DeepSeek releases open-source Coder V2 model, surpassing GPT-4 Turbo

2024-06-18

Chinese AI startup DeepSeek, which has attracted attention for successfully training a ChatGPT competitor based on 20 trillion English and Chinese tokens, recently announced the release of DeepSeek Coder V2, an open-source expert mixed (MoE) code language model.


DeepSeek Coder V2 is built on the foundation of the MoE model DeepSeek-V2, which made its debut last month and has performed exceptionally well in programming and mathematical tasks. This model supports over 300 programming languages and outperforms numerous state-of-the-art closed-source models, including GPT-4 Turbo, Claude 3 Opus, and Gemini 1.5 Pro. DeepSeek proudly claims that this is the first open model to achieve such a feat, surpassing similar models like Llama 3-70B in performance.

So, what new highlights does DeepSeek Coder V2 bring?

Established last year, DeepSeek is on a mission to "unveil the mystery of AGI (Artificial General Intelligence) with curiosity" and has become a shining star in AI competitions, alongside companies like Qwen, 01.AI, and Baidu. In fact, within just one year of its establishment, the company has open-sourced a series of models, including the DeepSeek Coder family.

The original DeepSeek Coder had a maximum of 33 billion parameters and performed well in benchmark tests, with features such as project-level code completion and filling. However, it only supported 86 programming languages at the time and had a context window of 16K. The new V2 version has significantly expanded on this, increasing language support to 338 and expanding the context window to 128K, enabling it to handle more complex and diverse coding tasks.

In a series of benchmark tests, including MBPP+, HumanEval, and Aider, which aim to evaluate the capabilities of large language models (LLMs) in code generation, editing, and problem-solving, DeepSeek Coder V2 achieved high scores of 76.2, 90.2, and 73.7, respectively. These scores outperformed numerous closed-source and open-source models, including GPT-4 Turbo, Claude 3 Opus, Gemini 1.5 Pro, Codestral, and Llama-3 70B. Similar outstanding performance was observed in benchmark tests evaluating the model's mathematical abilities (MATH and GSM8K).


However, the only model that surpassed DeepSeek's products in multiple benchmark tests was GPT-4o, which achieved slightly higher scores in HumanEval, LiveCode Bench, MATH, and GSM8K.

DeepSeek attributes these technological and performance advancements to its DeepSeek V2, based on the expert mixed (MoE) framework. Specifically, the company pretrained the base V2 model on an additional dataset containing 60 trillion tokens, primarily sourced from code and math-related data on GitHub and CommonCrawl.

This allows the model, which comes with 16B and 236B parameter options, to activate only 2.4B and 21B "expert" parameters when solving current tasks, meeting diverse computational and application needs.

In addition to excelling in coding and math-related tasks, DeepSeek Coder V2 has demonstrated powerful performance in general inference and language understanding tasks.
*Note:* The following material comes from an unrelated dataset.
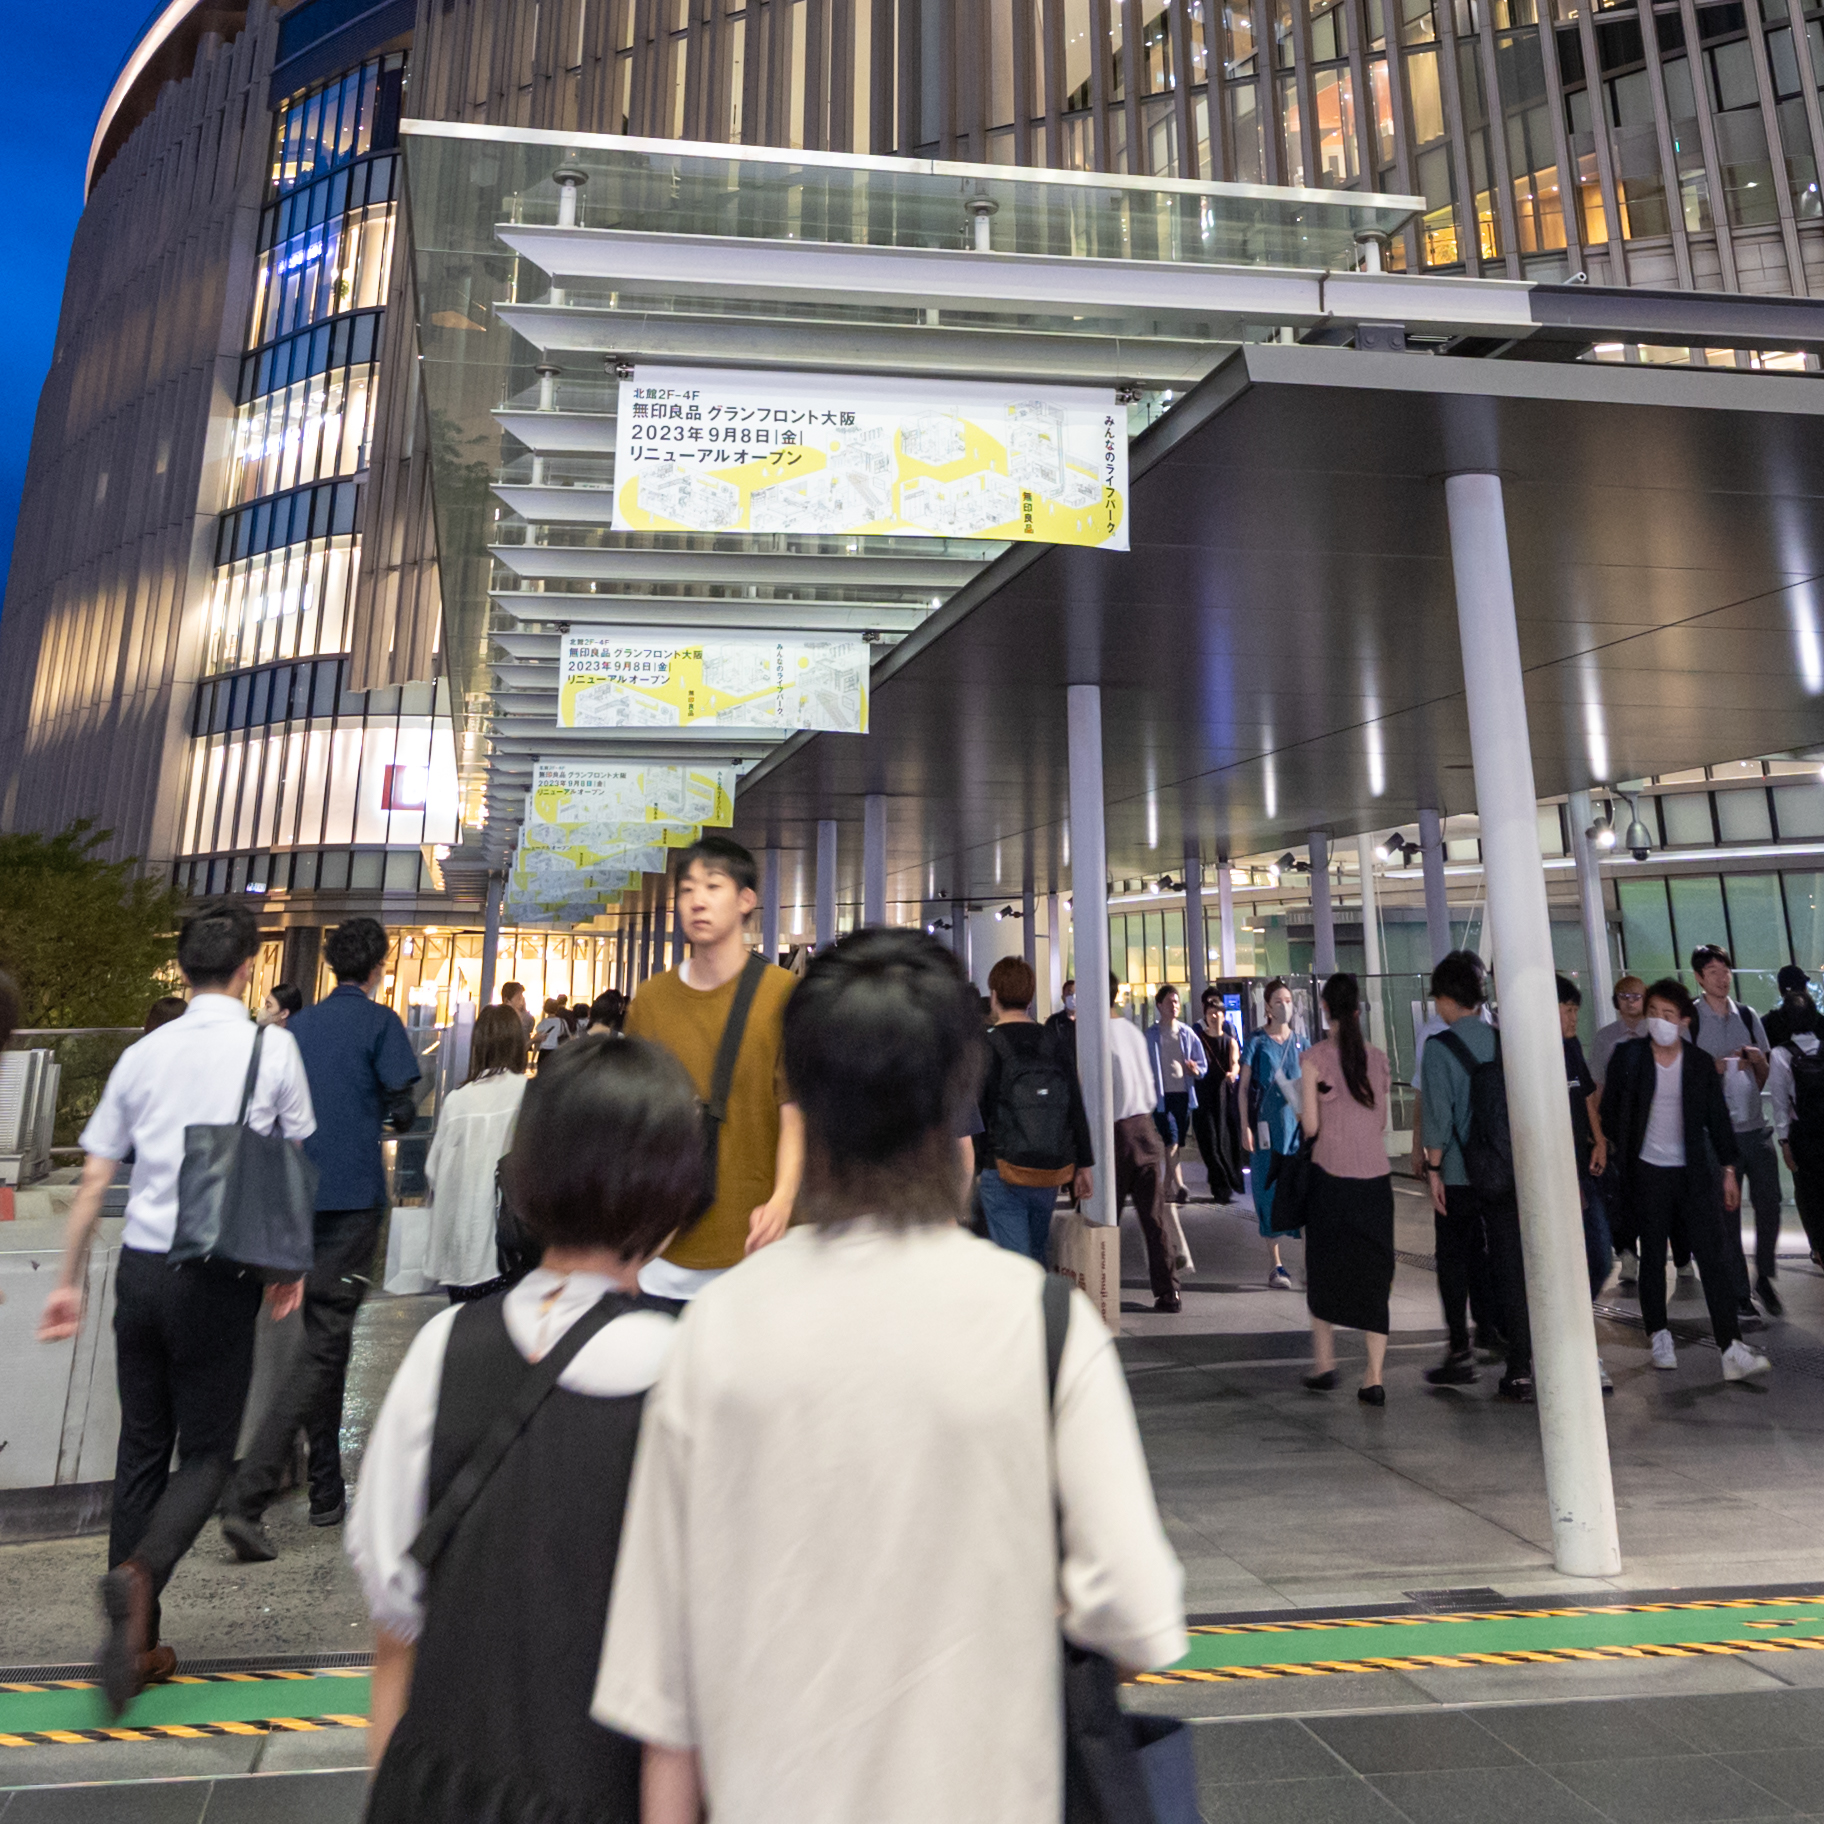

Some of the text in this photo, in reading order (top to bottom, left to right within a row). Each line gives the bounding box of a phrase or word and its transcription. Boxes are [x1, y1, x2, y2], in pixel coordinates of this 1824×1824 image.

[632, 402, 856, 426] 無印良品 グランフロント大阪
[1022, 492, 1034, 534] 無印良品
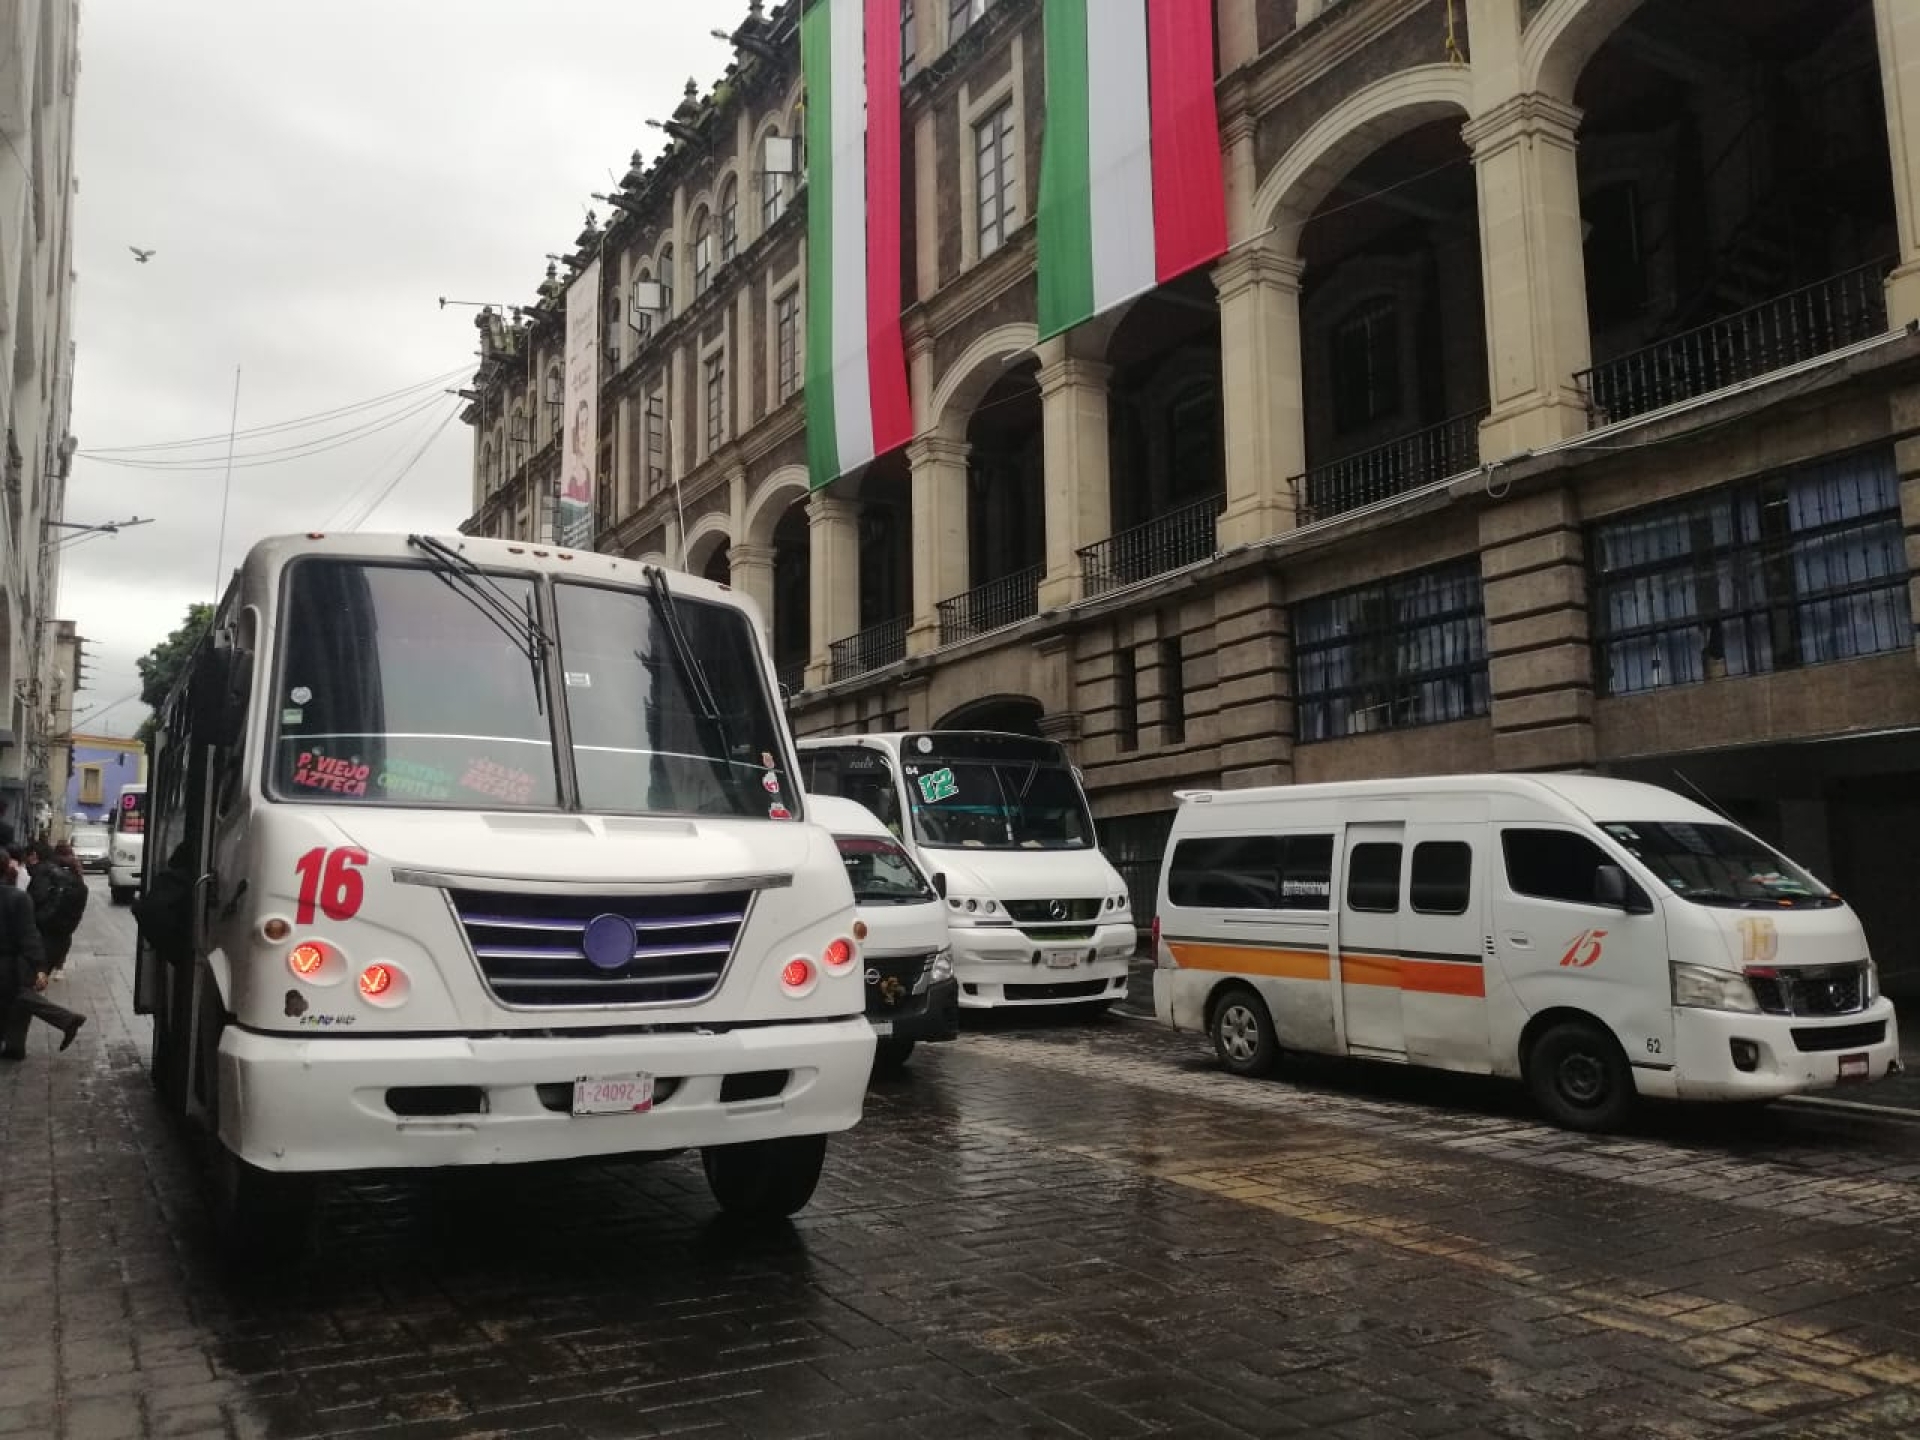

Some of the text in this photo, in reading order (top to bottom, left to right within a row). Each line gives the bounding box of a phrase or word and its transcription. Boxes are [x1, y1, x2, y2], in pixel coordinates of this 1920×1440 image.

For example, in the MMLU benchmark test, the model achieved a high score of 79.2, surpassing other models specifically designed for code and almost matching Llama-3 70B's score. Although GPT-4o and Claude 3 Opus continue to lead in the MMLU category, DeepSeek Coder V2's outstanding performance proves the increasing capabilities of open-source code models, approaching those of state-of-the-art closed-source models.


Currently, DeepSeek Coder V2 is open under the MIT license, allowing for research and unrestricted commercial use. Users can download instruction and base models of sizes 16B and 236B through the Hugging Face platform. Additionally, DeepSeek offers an on-demand API access mode through its platform, making it convenient for users to utilize this advanced model.

For those who want to test the model's functionality beforehand, DeepSeek also provides the option to interact with DeepSeek Coder V2 through a chatbot, allowing users to experience the model's powerful capabilities firsthand.